> [EXERCISE BRIEF]: From the line containing "Some of the text" through the last line of the records below, output every line exactly as it appears, but leave out the pictures.

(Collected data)
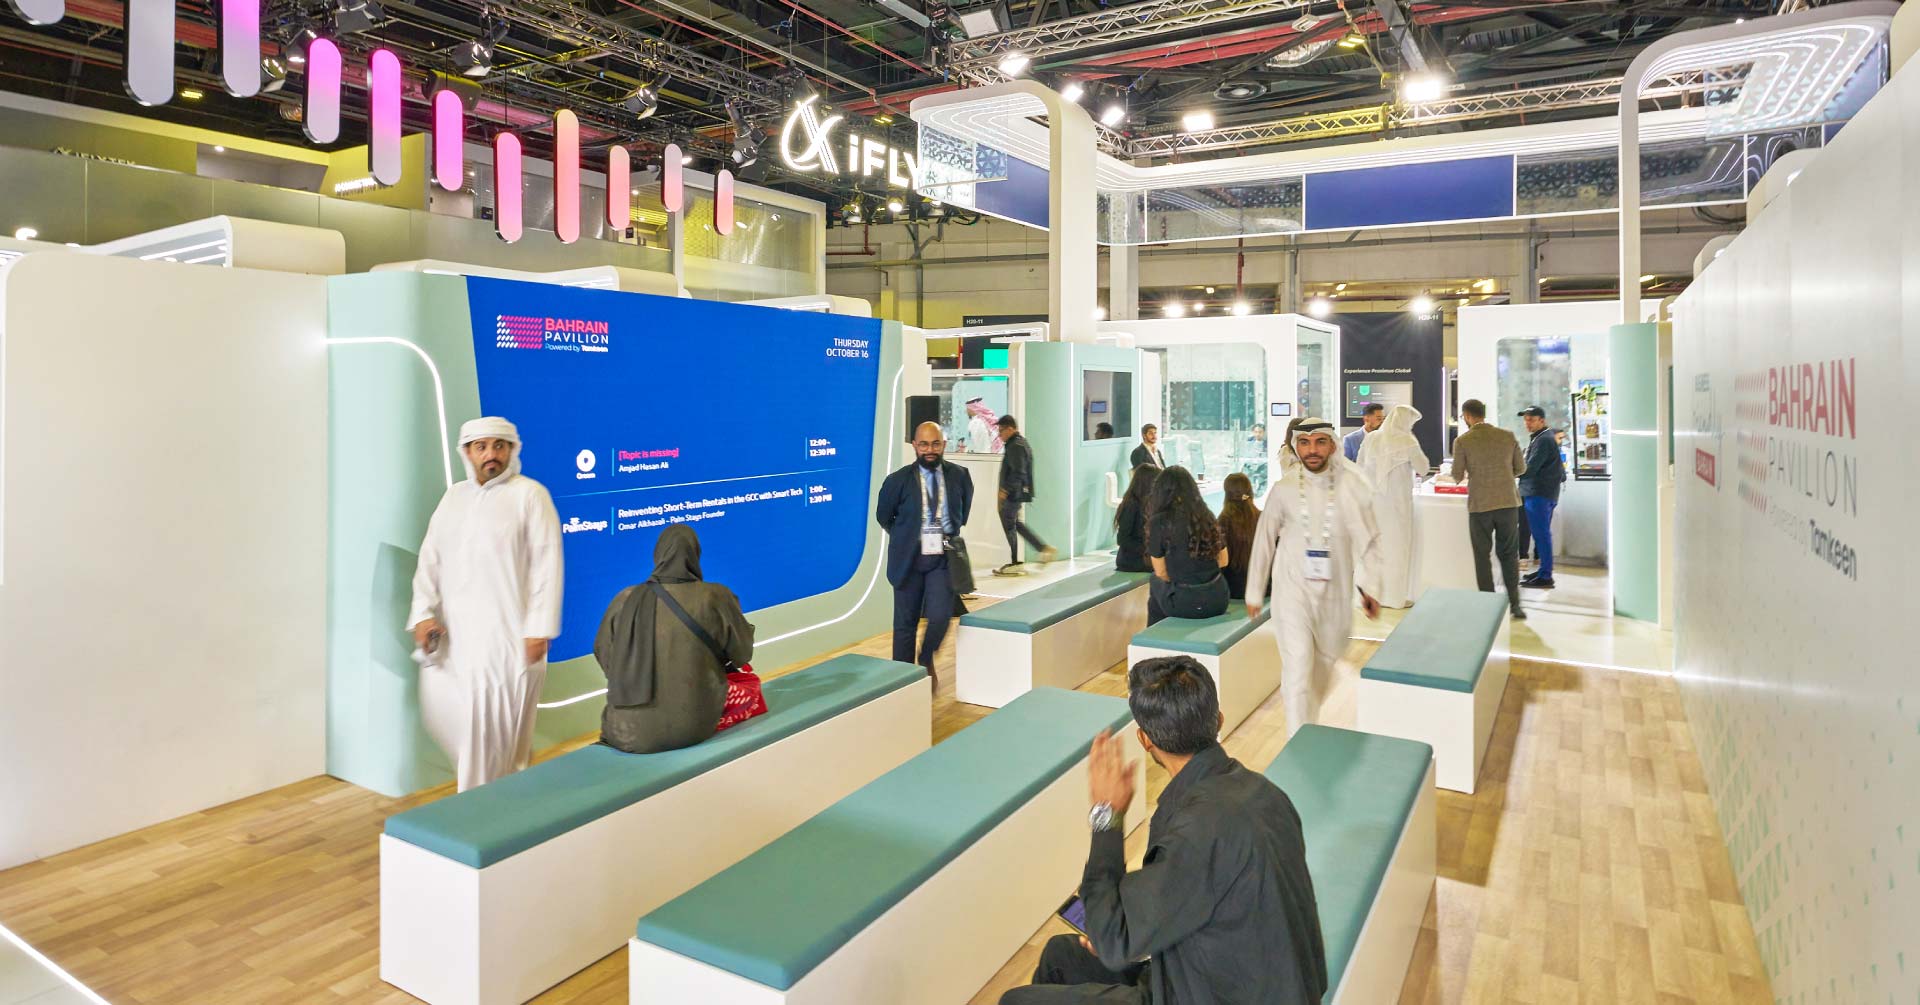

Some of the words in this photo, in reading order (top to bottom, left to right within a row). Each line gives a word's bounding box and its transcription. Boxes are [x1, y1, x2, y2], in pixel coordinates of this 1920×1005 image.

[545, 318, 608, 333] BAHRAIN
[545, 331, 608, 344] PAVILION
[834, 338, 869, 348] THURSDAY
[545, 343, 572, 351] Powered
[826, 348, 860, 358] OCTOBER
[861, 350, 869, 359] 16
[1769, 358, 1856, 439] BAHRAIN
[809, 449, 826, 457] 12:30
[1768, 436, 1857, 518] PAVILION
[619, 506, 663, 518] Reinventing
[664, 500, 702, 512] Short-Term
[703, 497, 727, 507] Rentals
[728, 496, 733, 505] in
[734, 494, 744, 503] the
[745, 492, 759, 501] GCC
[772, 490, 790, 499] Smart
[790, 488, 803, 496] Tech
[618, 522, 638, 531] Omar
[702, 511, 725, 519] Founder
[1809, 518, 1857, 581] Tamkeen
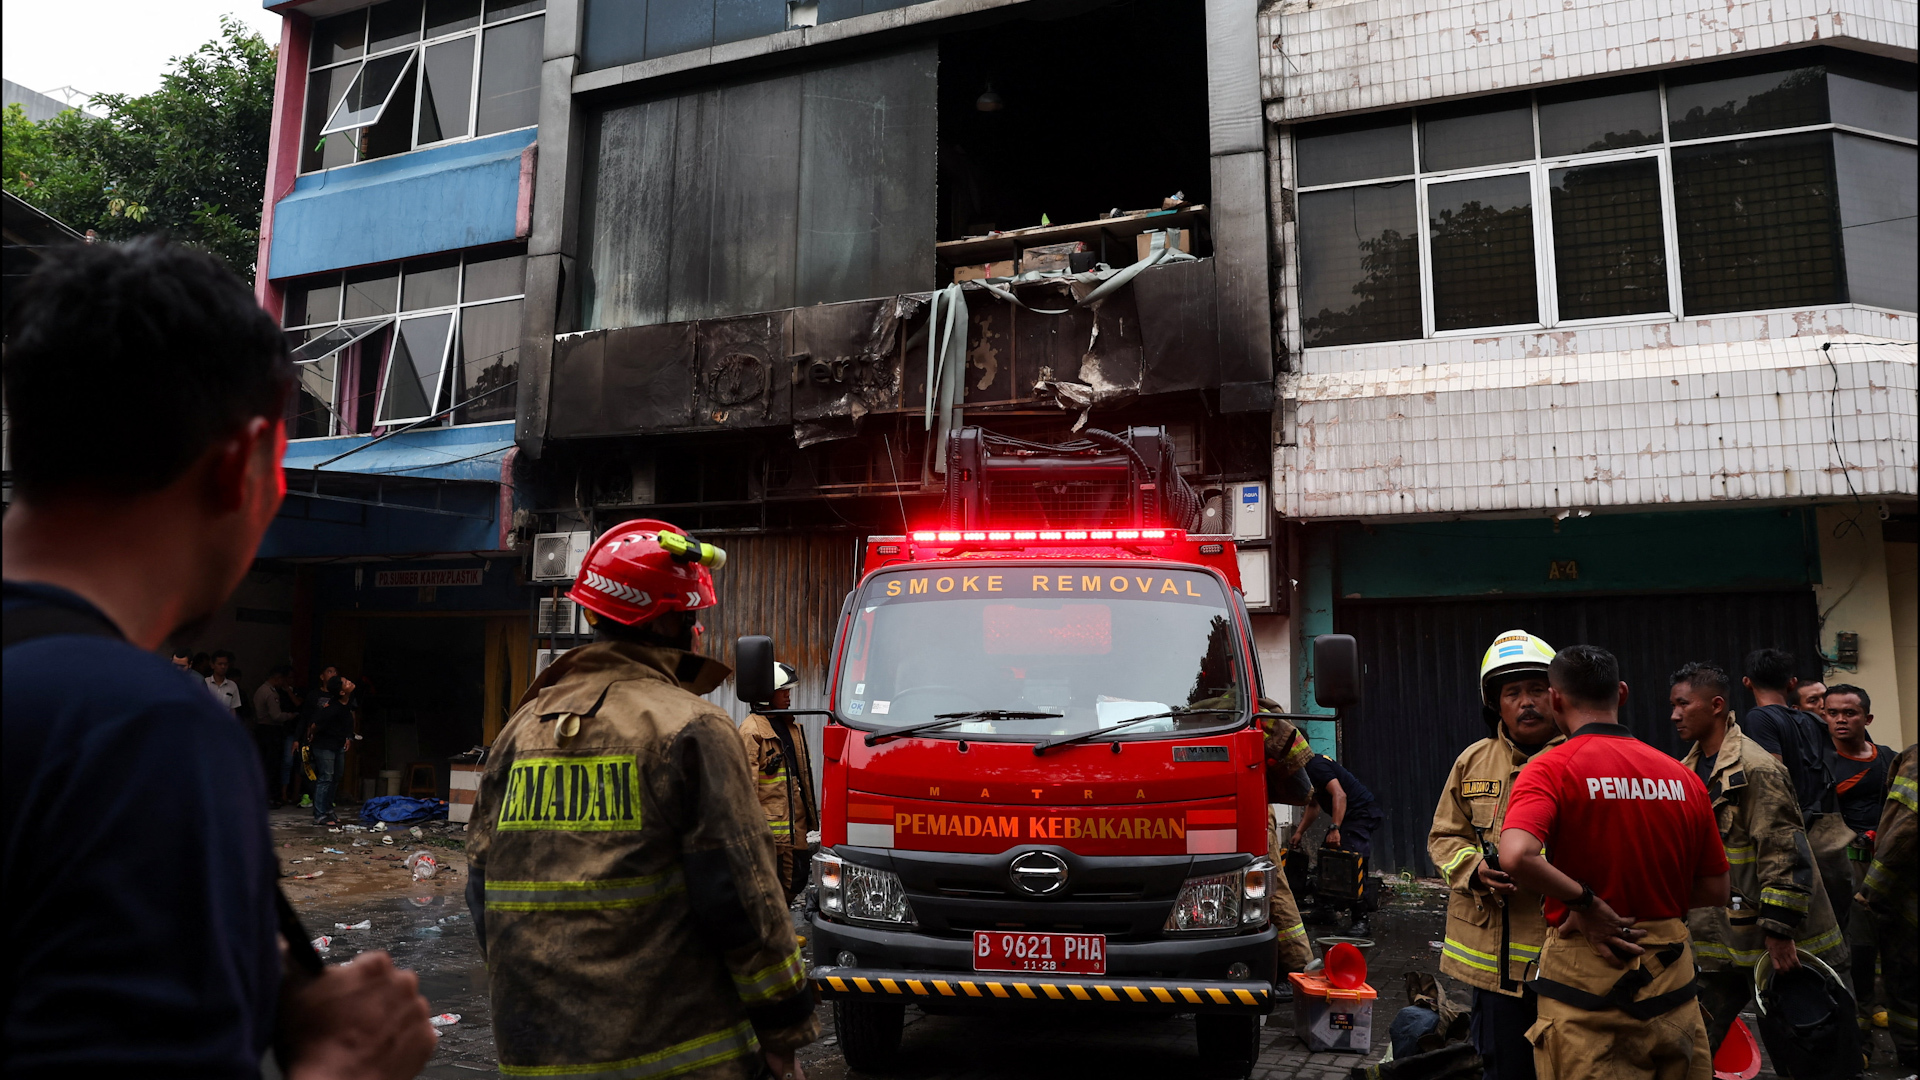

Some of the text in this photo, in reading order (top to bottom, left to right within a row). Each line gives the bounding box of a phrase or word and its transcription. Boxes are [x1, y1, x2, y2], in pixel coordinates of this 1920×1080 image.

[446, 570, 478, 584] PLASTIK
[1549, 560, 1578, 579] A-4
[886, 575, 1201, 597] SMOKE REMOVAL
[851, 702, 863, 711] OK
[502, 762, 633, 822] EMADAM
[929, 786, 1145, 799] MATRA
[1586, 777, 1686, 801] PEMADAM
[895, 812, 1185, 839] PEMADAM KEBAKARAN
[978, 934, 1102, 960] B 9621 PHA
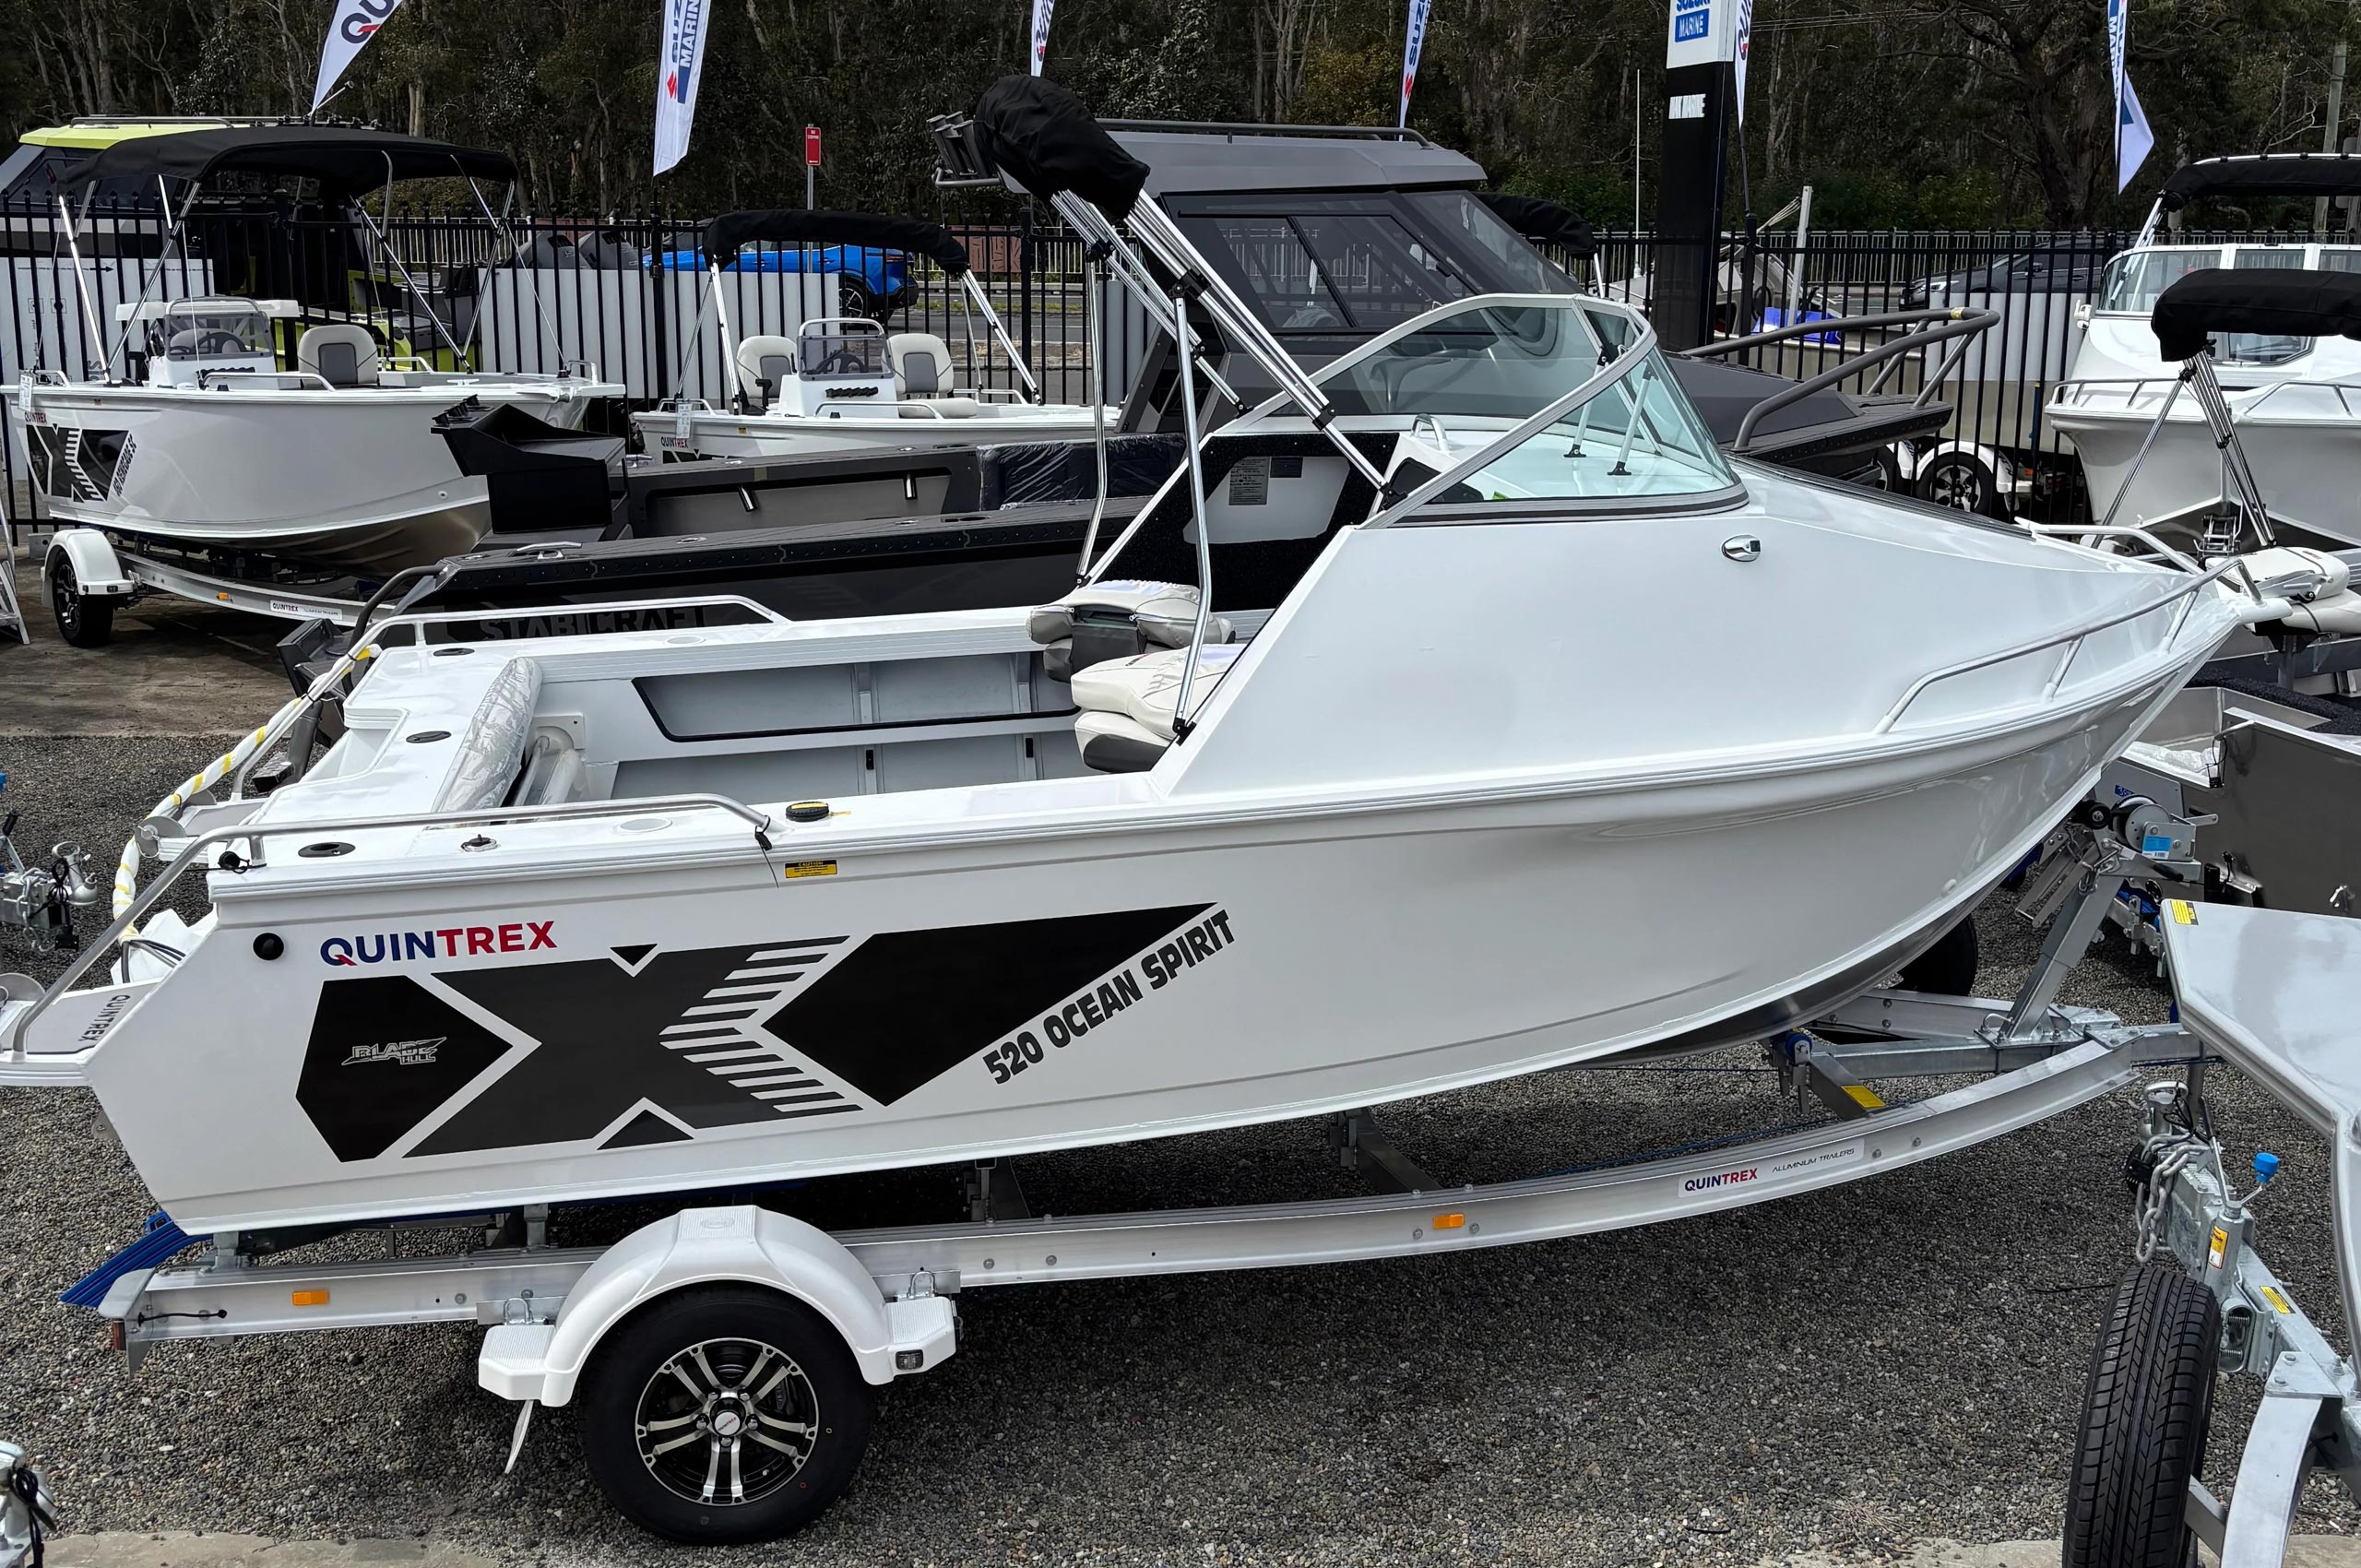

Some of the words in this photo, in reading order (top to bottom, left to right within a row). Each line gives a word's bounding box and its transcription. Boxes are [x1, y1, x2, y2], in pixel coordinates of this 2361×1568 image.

> [ANSWER TO THIS PROBLEM]:
Some of the text in this photo, in reading order (top to bottom, left to right within a row). Each line gives the bounding box of a phrase or word and its transcription. Boxes are [x1, y1, x2, y2], in pixel coordinates of this 1920×1080 image.

[446, 570, 478, 584] PLASTIK
[1549, 560, 1578, 579] A-4
[886, 575, 1201, 597] SMOKE REMOVAL
[851, 702, 863, 711] OK
[502, 762, 633, 822] EMADAM
[929, 786, 1145, 799] MATRA
[1586, 777, 1686, 801] PEMADAM
[895, 812, 1185, 839] PEMADAM KEBAKARAN
[978, 934, 1102, 960] B 9621 PHA

Some of the words in this photo, in reading order (top to bottom, left to right within a row). Each line gives a word's bounding box and its transcription. Boxes are [x1, y1, x2, y2], in pixel coordinates of this 2361×1568 image.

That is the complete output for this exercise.